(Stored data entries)
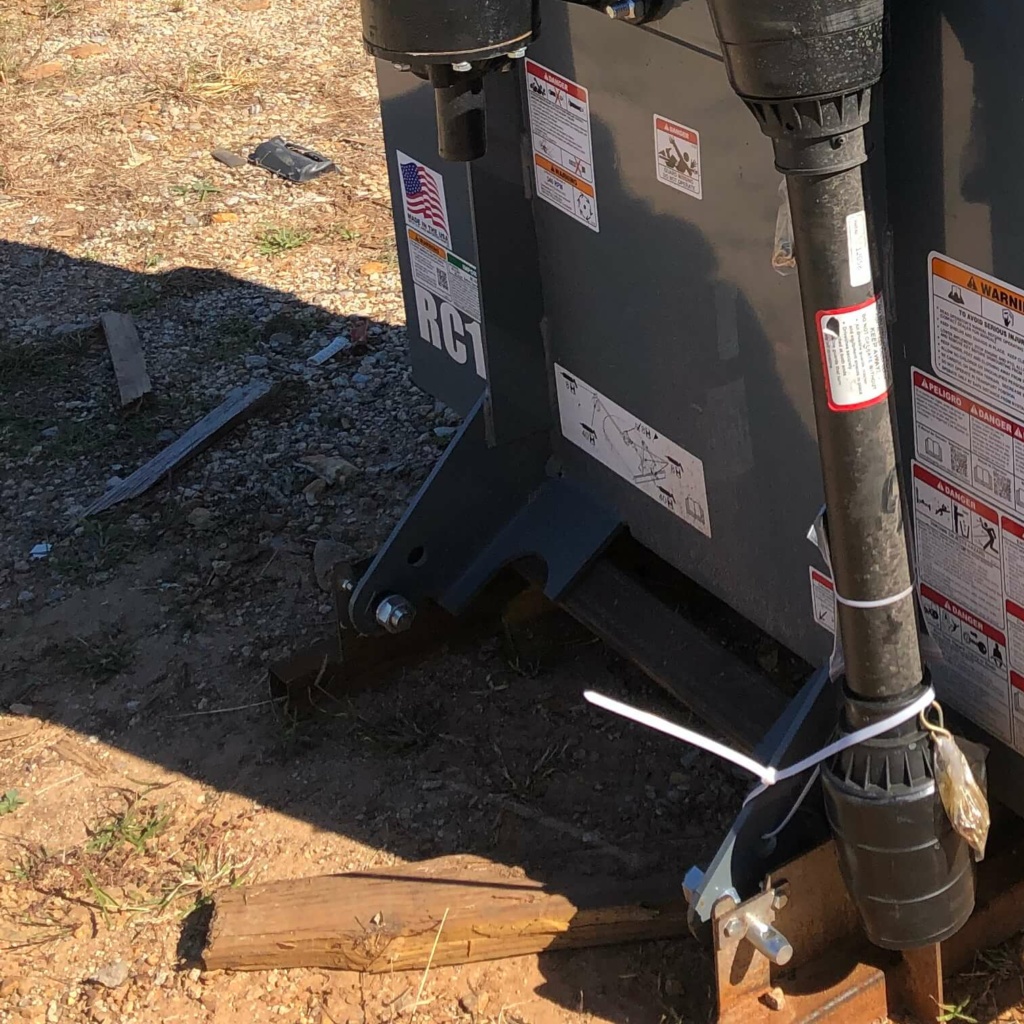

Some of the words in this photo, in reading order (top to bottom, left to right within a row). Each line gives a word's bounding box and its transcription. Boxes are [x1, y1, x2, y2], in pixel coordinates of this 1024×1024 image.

[547, 74, 568, 92] DANGER
[407, 213, 420, 225] MADE
[427, 224, 437, 234] THE
[958, 309, 965, 318] TO
[966, 313, 983, 326] AVOID
[983, 320, 1006, 337] SERIOUS
[869, 326, 877, 348] KEEP
[928, 382, 962, 407] PELIGRO
[978, 407, 1011, 434] DANGER
[945, 485, 975, 510] DANGER
[952, 606, 983, 631] DANGER
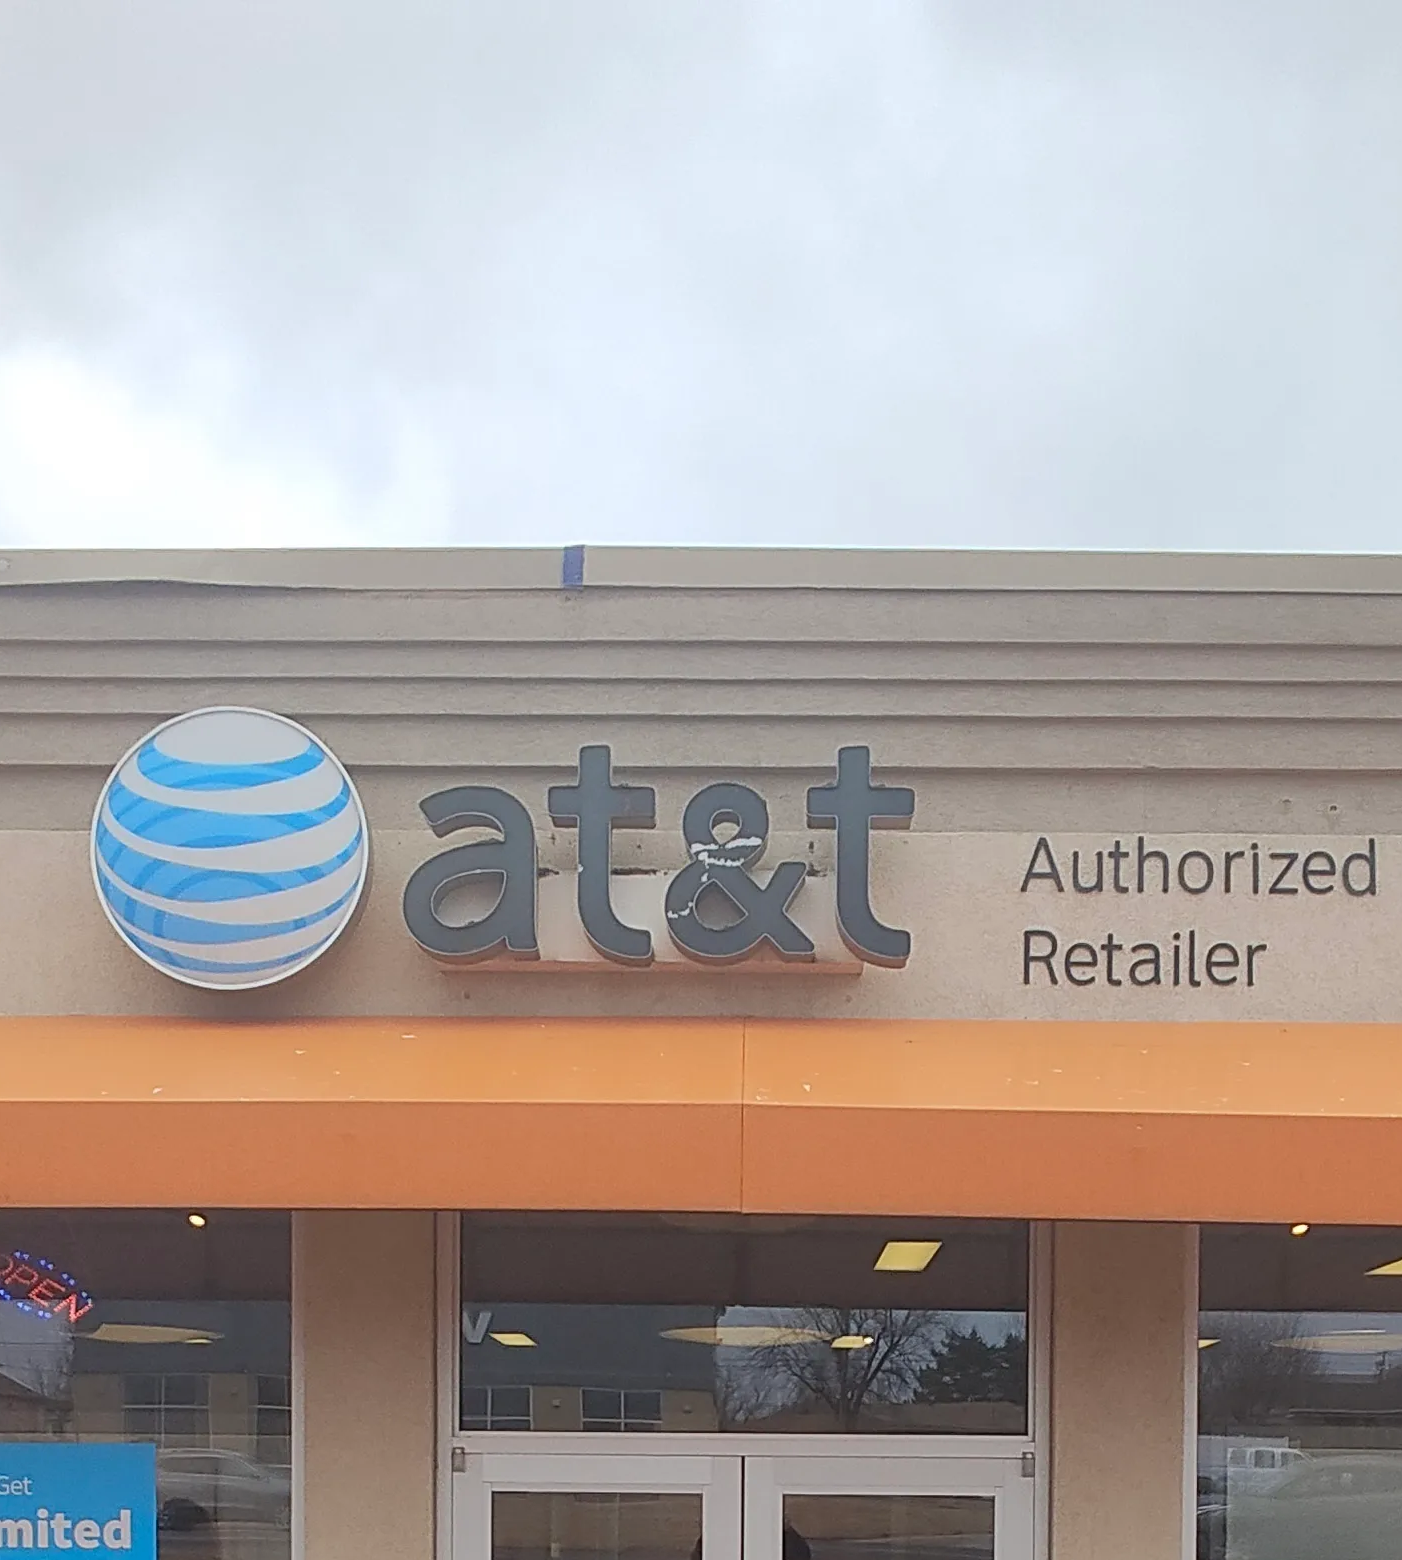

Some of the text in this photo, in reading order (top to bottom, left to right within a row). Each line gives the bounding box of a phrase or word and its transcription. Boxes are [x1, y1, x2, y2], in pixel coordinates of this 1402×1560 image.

[402, 744, 915, 966] at&t
[1020, 836, 1377, 896] Authorized
[1023, 929, 1268, 987] Retailer

**What is expected**
Output exactly the lines from the one containing "Some of the text" through the last line of the entries, both ends included.

**Task answer**
Some of the text in this photo, in reading order (top to bottom, left to right within a row). Each line gives the bounding box of a phrase or word and its transcription. Boxes are [x1, y1, x2, y2], in pixel coordinates of this 1402×1560 image.

[402, 744, 915, 966] at&t
[1020, 836, 1377, 896] Authorized
[1023, 929, 1268, 987] Retailer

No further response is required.